Gender differences for non-fatal unintentional fall related injuries among older adults
- National Center for Injury Prevention and Control, Centers for Disease Control and Prevention, Atlanta, GA, USA
- Correspondence to: Dr J A Stevens National Center for Injury Prevention and Control, 4770 Buford Highway NE, Mailstop K-63, Atlanta, GA 30341, USA;
Objectives: To quantify gender differences for non-fatal unintentional fall related injuries among US adults age 65 years and older treated in hospital emergency departments (EDs).
Methods: The authors analyzed data from a nationally representative sample of ED visits for January 2001 through December 2001, available through the National Electronic Injury Surveillance System All Injury Program (NEISS-AIP). For each initial ED visit, coders record one principal diagnosis (usually the most severe) and one primary part of the body affected.
Results: Based on 22 560 cases, an estimated 1.64 million older adults were treated in EDs for unintentional fall injuries. Of these, approximately 1.16 million, or 70.5%, were women. Fractures, contusions/abrasions, and lacerations accounted for more than three quarters of all injuries. Rates for injury diagnoses were generally higher among women, most notably for fractures which were 2.2 times higher than for men. For all parts of the body, women’s injury rates exceeded those of men.

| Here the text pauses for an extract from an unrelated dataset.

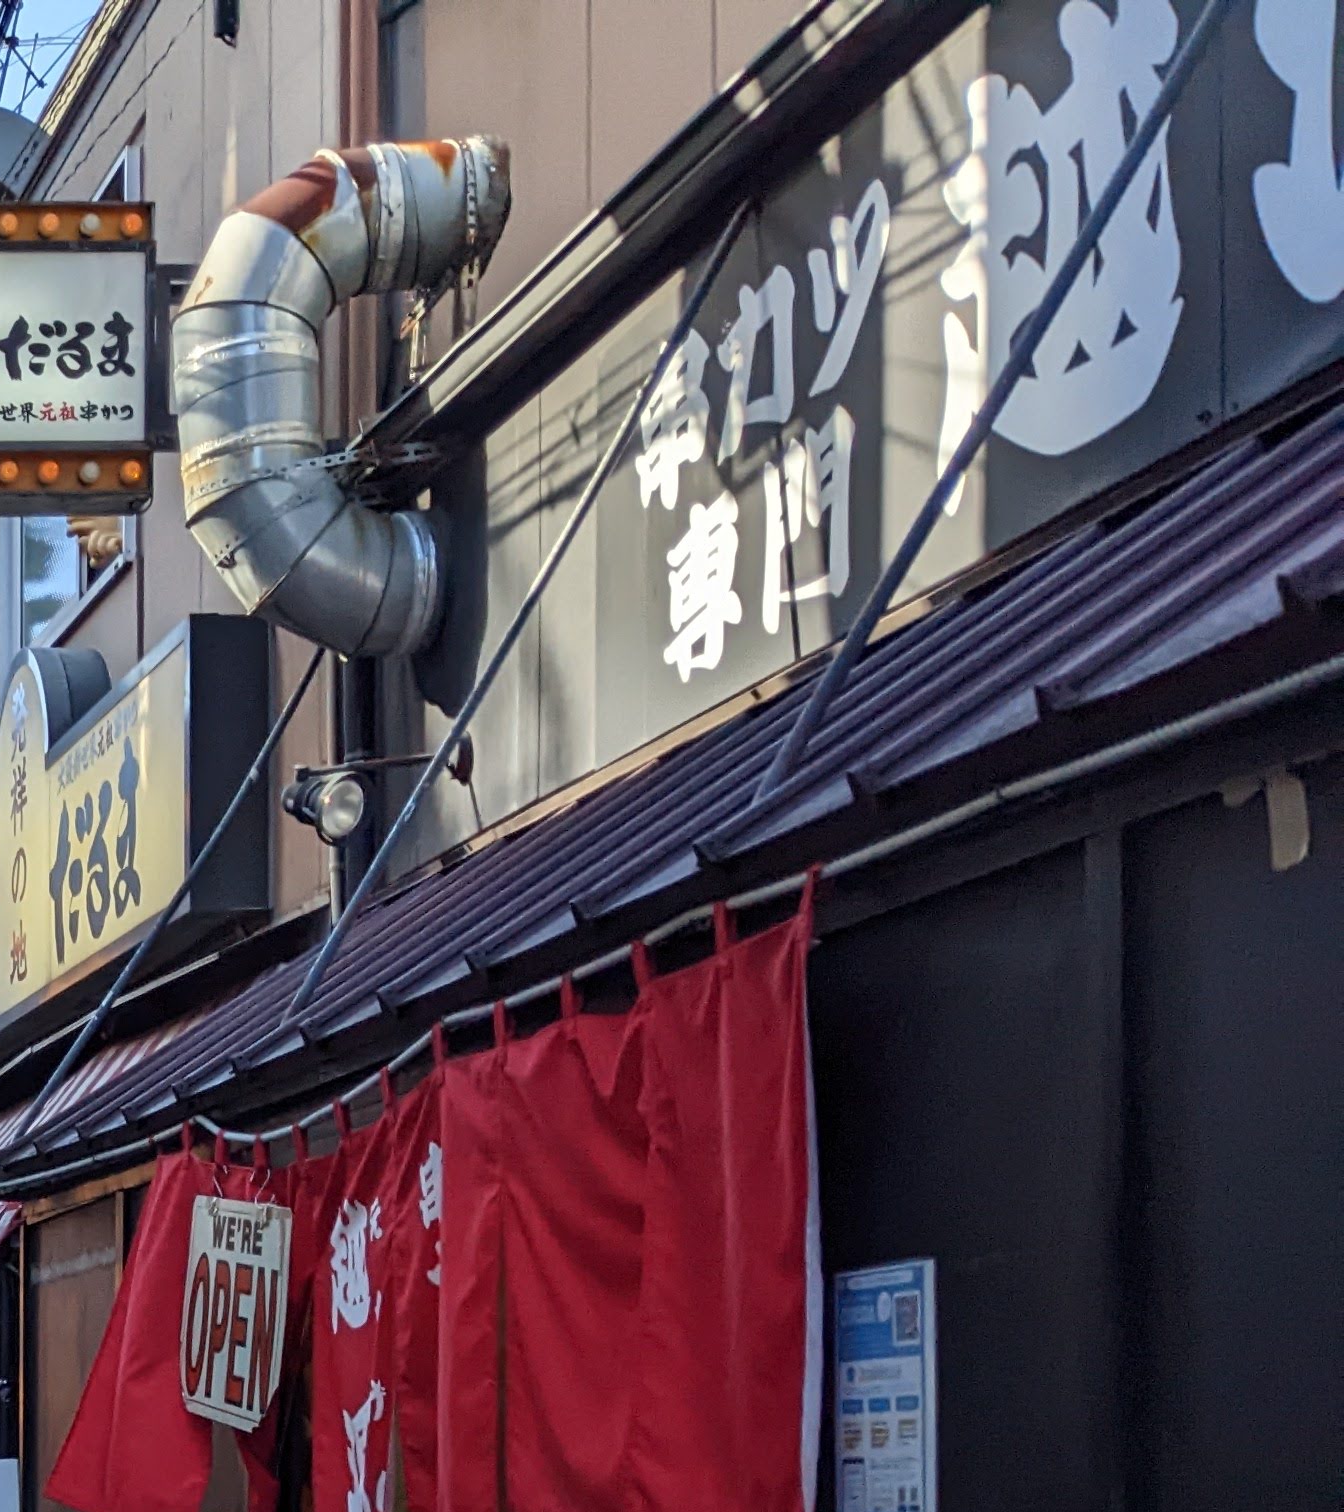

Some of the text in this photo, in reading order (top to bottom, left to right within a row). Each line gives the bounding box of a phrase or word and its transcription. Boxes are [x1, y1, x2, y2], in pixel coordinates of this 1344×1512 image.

Rate ratios were greatest for injuries of the leg/foot (2.3), arm/hand (2.0), and lower trunk (2.0). The hospitalization rate for women was 1.8 times that for men.
Conclusions: Among older adults, non-fatal fall related injuries disproportionately affected women. Much is known about effective fall prevention strategies. We need to refine, promote, and implement these interventions. Additional research is needed to tailor interventions for different populations and to determine gender differences in the underlying causes and/or circumstances of falls. This information is vital for developing and implementing targeted fall prevention strategies.
- ED, emergency department
- NEISS-AIP, National Electronic Injury Surveillance System All Injury Program
- TBI, traumatic brain injury
Fall related injuries among adults age 65 years and older are a major health concern. Statistics on fatal falls have been readily available since 1968 through the National Center for Health Statistics death certificate data. However, national statistics for non-fatal falls were not available until 2000 when the National Electronic Injury Surveillance System All Injury Program (NEISS-AIP) was implemented. A prospective study in New Zealand,1 and retrospective studies in Finland,2 Australia,3 and the US4 have observed gender disparities in fall risk and fall related hospitalizations among different populations. This is the first US study to use national data to quantify gender differences for non-fatal, unintentional, fall related injuries among adults age 65 years and older treated in emergency departments (EDs). This study goes beyond previous reports and characterizes these injuries by diagnosis, part of the body affected, and disposition.
More than a third of older adults fall each year5,6 and 10–20% of falls cause serious injuries such as fractures or head traumas.7 Fall injury rates increase sharply with age3,8 and these injuries are associated with significant morbidity, reduced mobility, decreased functioning, and loss of independence.9 One study found that 12% of older adults who fell subsequently required long term nursing home care.10 Currently, 34.8 million Americans are 65 years of age and older; by 2040, this number will more than double.11 As the population ages, the numbers of fall related injuries will increase. In 1994, the total cost of all fall related injuries among adults 65 years of age and older was $27.3 billion, and by 2020 the cost is expected to reach $43.7 billion (in 2002 dollars).12
We analyzed data from NEISS-AIP for non-fatal injuries for January 2001 through 31 December 2001, the first complete year of data available, and characterized unintentional fall related injuries among US older adults (defined as people aged 65 years and older) by gender and age. NEISS-AIP, operated by the US Consumer Product Safety Commission, collects data on initial visits for all types and causes of injuries treated in US EDs. For each initial ED visit, coders record one principal diagnosis—usually the most severe—as determined by the ED physician or healthcare provider and as recorded in the ED chart, and one primary part of the body affected. NEISS-AIP data are drawn from a nationally representative subsample of 66 out of 100 NEISS hospitals, which were selected as a stratified probability sample of hospitals. These hospitals have a minimum of six beds, provide a 24 hour ED, and are located in the United States and its territories.13 NEISS-AIP provides national estimates based on approximately 500 000 injury and consumer product related ED cases each year.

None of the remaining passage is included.